*What to produce*
Copy without pictures. Please restate each line of the listing exactly.

Segment Start: Data for this task

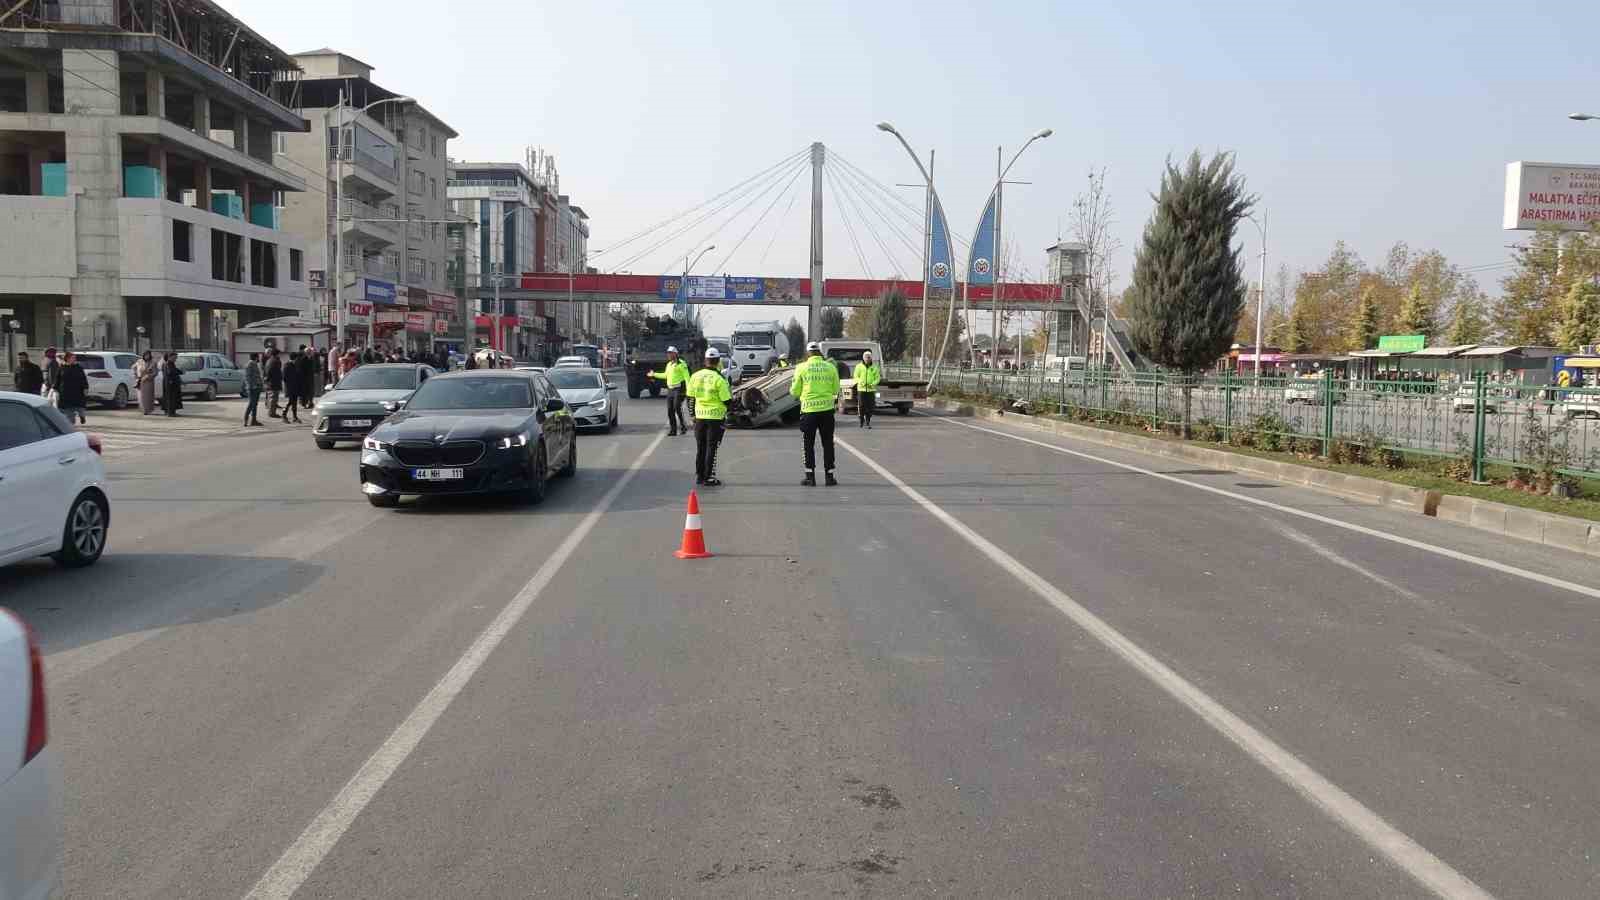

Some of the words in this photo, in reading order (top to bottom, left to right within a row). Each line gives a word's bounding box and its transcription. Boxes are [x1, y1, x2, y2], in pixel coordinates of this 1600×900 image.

[1529, 193, 1574, 204] MALATYA
[417, 470, 426, 478] 44
[452, 469, 463, 478] 111
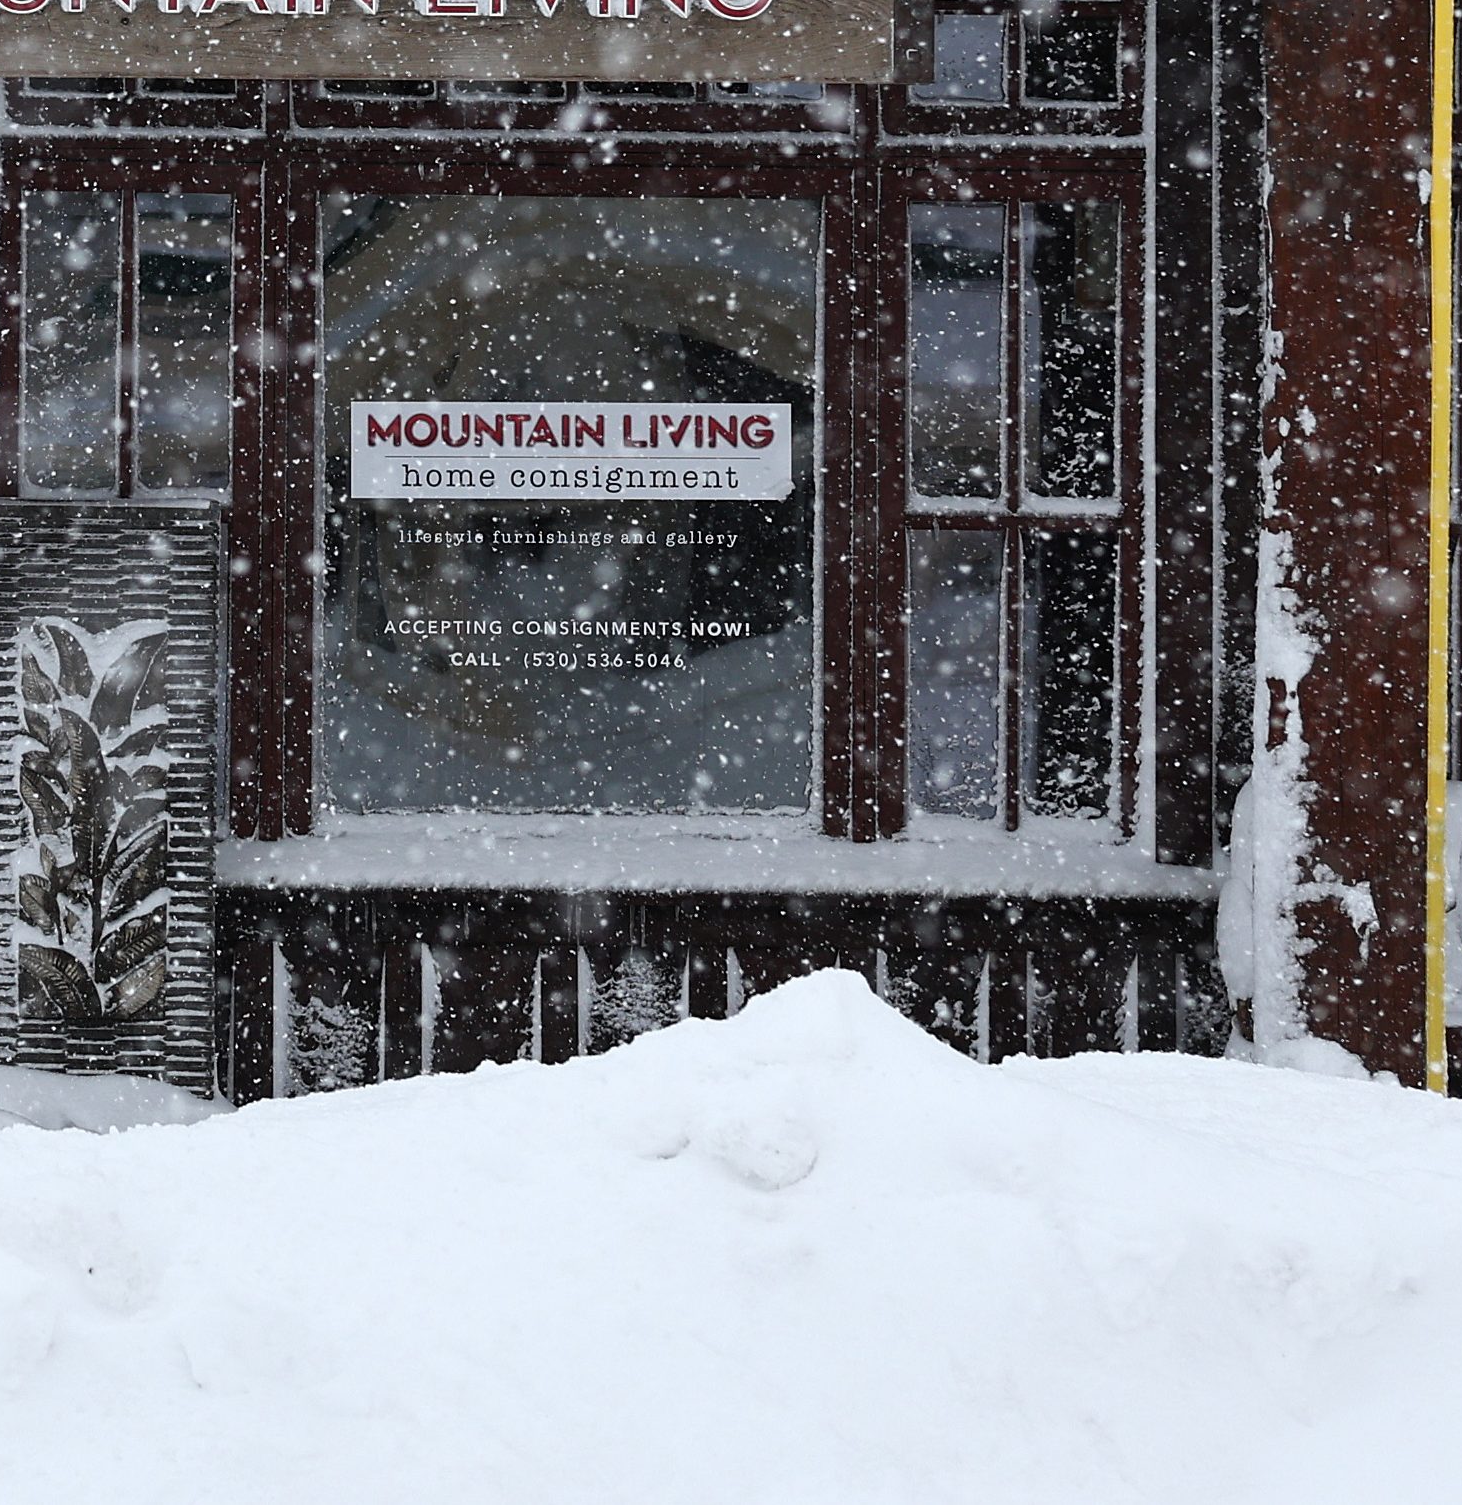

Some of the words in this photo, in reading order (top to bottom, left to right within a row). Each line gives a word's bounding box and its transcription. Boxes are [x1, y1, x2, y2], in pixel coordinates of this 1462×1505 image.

[366, 413, 605, 448] MOUNTAIN
[623, 414, 775, 449] LIVING
[402, 464, 495, 488] home
[510, 464, 739, 493] consignment
[398, 530, 483, 546] lifestyle
[492, 530, 611, 546] furnishings
[620, 531, 656, 545] and
[665, 530, 738, 547] gallery
[384, 620, 503, 636] ACCEPTING
[512, 620, 682, 636] CONSIGNMENTS
[691, 621, 751, 637] NOW!
[523, 652, 578, 669] (530)
[586, 652, 685, 668] 536-5046
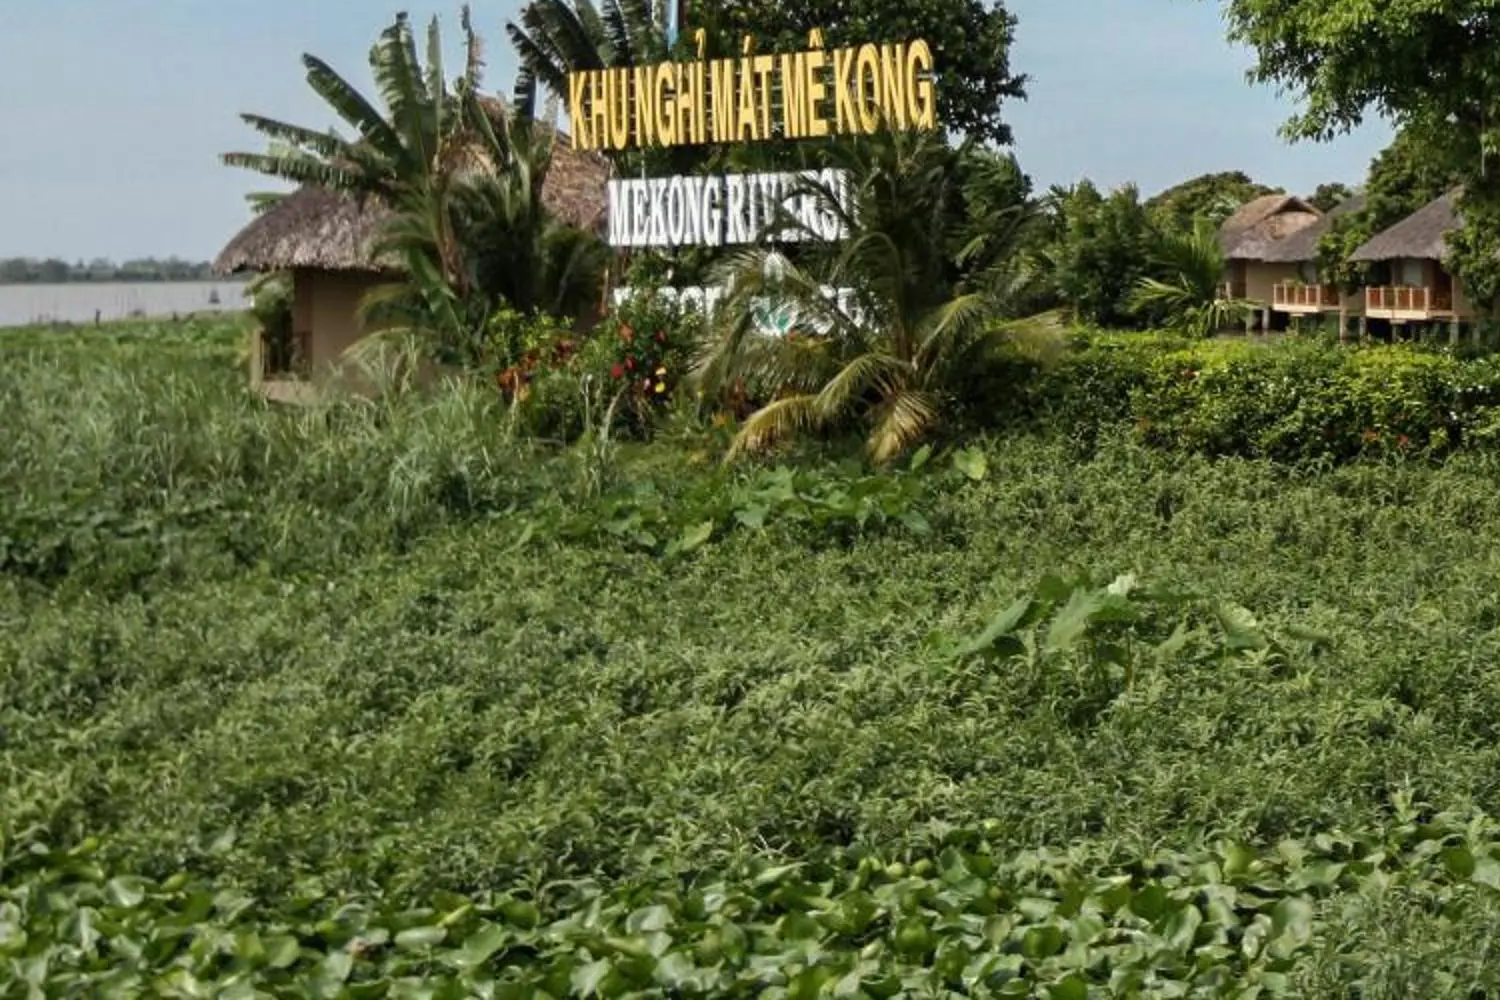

Segment End: Data for this task

*Answer to the problem*
Some of the words in this photo, in reading order (top to bottom, left to right within a row). Each line gives a word's bounding box and its transcription. Boxes are [x1, y1, x2, y2], in pixel coordinates of this 1600×900 image.

[1529, 193, 1574, 204] MALATYA
[417, 470, 426, 478] 44
[452, 469, 463, 478] 111

Some of the words in this photo, in reading order (top to bottom, left to right within a row). Each line gives a word's bounding box and its transcription. Boxes are [x1, y1, x2, y2], in pixel coordinates of this 1462×1505 image.

[366, 413, 605, 448] MOUNTAIN
[623, 414, 775, 449] LIVING
[402, 464, 495, 488] home
[510, 464, 739, 493] consignment
[398, 530, 483, 546] lifestyle
[492, 530, 611, 546] furnishings
[620, 531, 656, 545] and
[665, 530, 738, 547] gallery
[384, 620, 503, 636] ACCEPTING
[512, 620, 682, 636] CONSIGNMENTS
[691, 621, 751, 637] NOW!
[523, 652, 578, 669] (530)
[586, 652, 685, 668] 536-5046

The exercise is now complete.